I am probably missing something obvious here. I believe I understand why the fields hash hasheq meta extmap are reserved for defrecord -- because they are used internally in the implementation of every class created by defrecord. Why are these fields also reserved for deftype?
Perhaps because there were ideas that code for calculating hashes and/or adding metadata might be automatically generated for deftype objects, too?
b/c defrecords are implemented with deftype?
the compiler doesn't know about defrecord vs deftype
they're reserved in deftype*
, which both use
So ignorant question, based on very partial information -- couldn't it be reserved only in defrecord, not deftype* ?
it could be
but it's not
And @bronsa if my reading of core_deftype.clj code is correct (it might not be), validate-fields is called from deftype directly, as well as defrecord, which is where the error message is given if you try to use one of those field names as a user of deftype/defrecord.

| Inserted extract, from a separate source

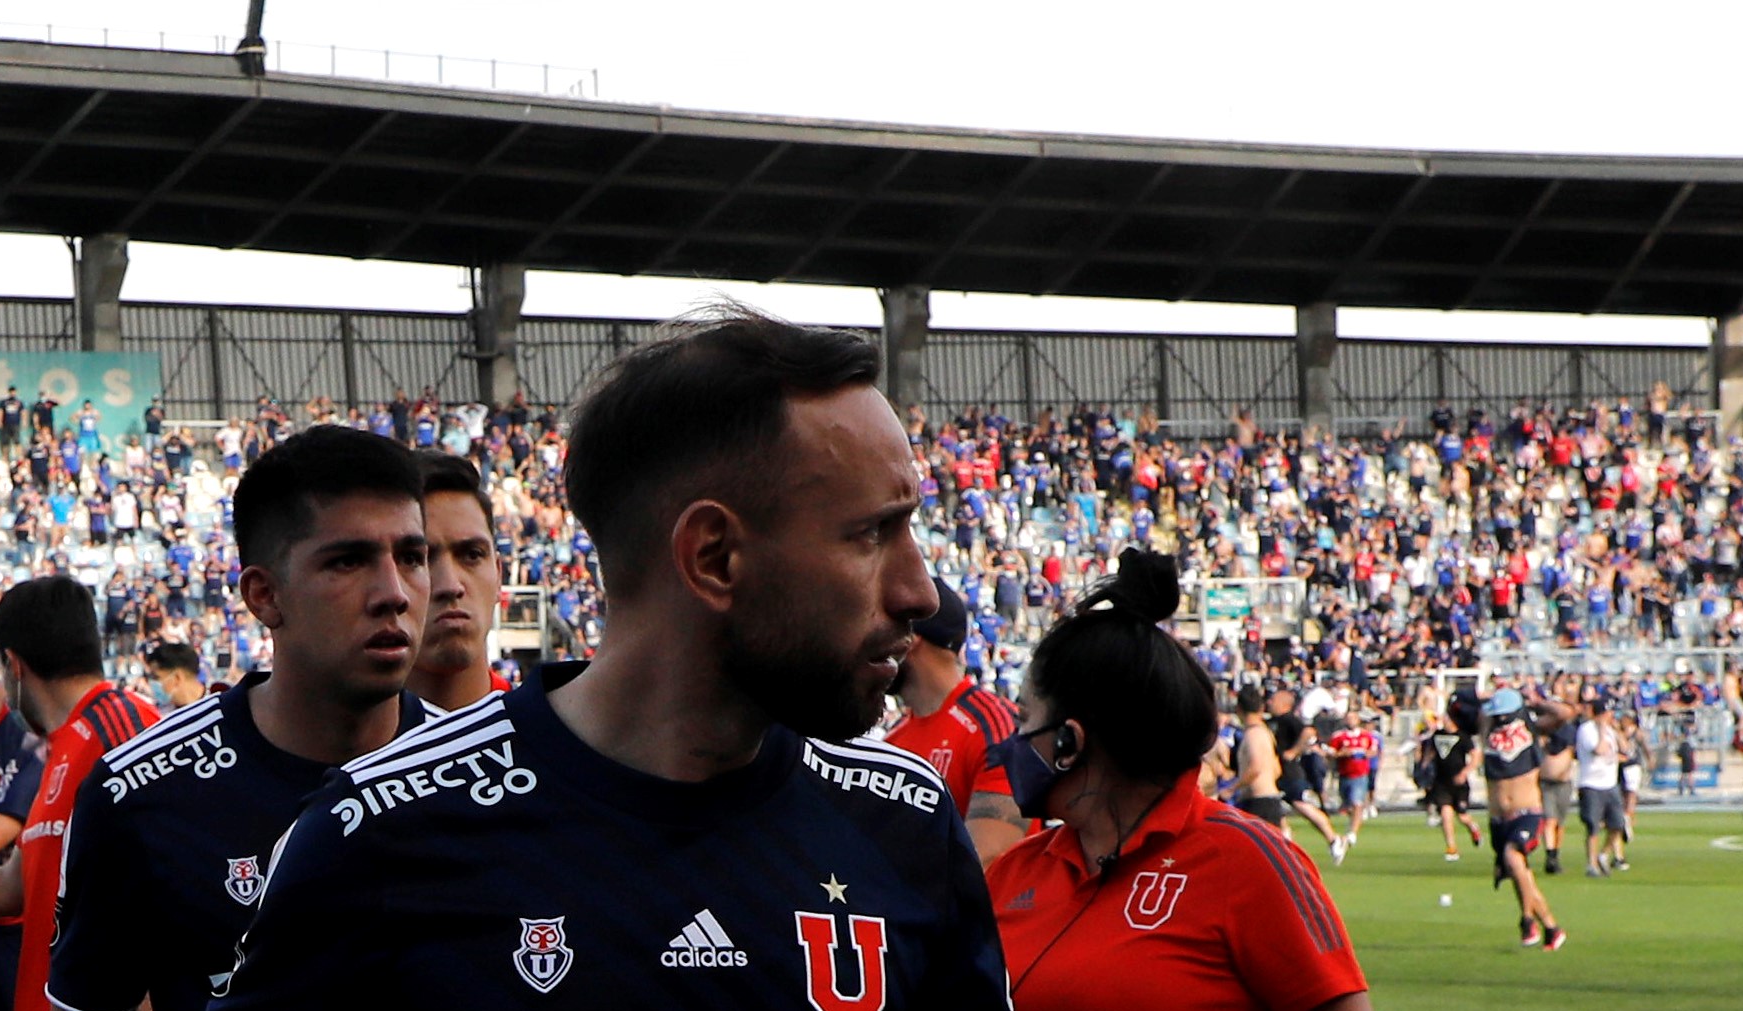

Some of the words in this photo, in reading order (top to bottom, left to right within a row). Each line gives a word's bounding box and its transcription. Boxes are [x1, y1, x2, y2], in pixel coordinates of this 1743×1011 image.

yeah the exception is thrown from there, but in the Compiler those fields have special semantics
But perhaps the special handling of those fields in Compiler.java is what you are referring to?
yes
Do you happen to know off the top of your head if those fields are present in all deftype-created objects? If so, do you know if they are simply dormant/unused for non-defrecords?
they aren't present
the compiler creates special constructors based on the presence of those fields (defrecord explicitely injects them)
this behavior is actually quite convinient as it means that userspace code can use deftype*
directly and implement types with __hash
special treatment semantics for example
So this is a Compiler.java special handling of defrecord's, probably for efficiency?
hash and hasheq are about efficiency (and were later additions)
meta and extmap are requirements for defrecord acting as an open map + IObj
w/o that special handling you'd have to (defrecord Foo [])
(Foo. {} {})
manually, for example
if I'm not mistaken, creation of the extra constructors that hide away those fields is literally the only thing the compiler does special
Thx for the info. I only noticed this recently while creating a proposed patch for this ticket: https://clojure.atlassian.net/browse/CLJ-2528 From what you are saying it sounds like perhaps using deftype* there might be a better approach than my hacked-up patch, which keeps deftype for primitive vectors, and uses hashx and hasheqx to work around the name restriction of deftype.
possibly, although I think hash and hasheq must go in tandem with meta and extmap
meaning, all or none?
so that may be an issue, but I'm not sure that's the case
yeah
don't take my word for it on this, can't really remember right now
OK. I will add a comment on that ticket to at least raise the question of deftype* instead of deftype, in order to use the names hash and hasheq, but I won't quote you on the possible all-or-none restriction of those fields with deftype* 🙂
I don't think you should use deftype* there
just avoid the reserved names
why not just call them hash and hasheq?
hash and hasheq seem like perfectly good choices, too, and I can change the patch to use those.
It seems the JVM allows a class to have a method and field with the same name, referring to the hasheq
field name suggestion above which would be the same name as the hasheq
method that is implemented by the Vec class. It could be confusing, perhaps, for their names to be the same, though.
presumably it is private field
shouldnt be ambiguous anywhere
Confirmed that the fields are private, the methods public. Thx.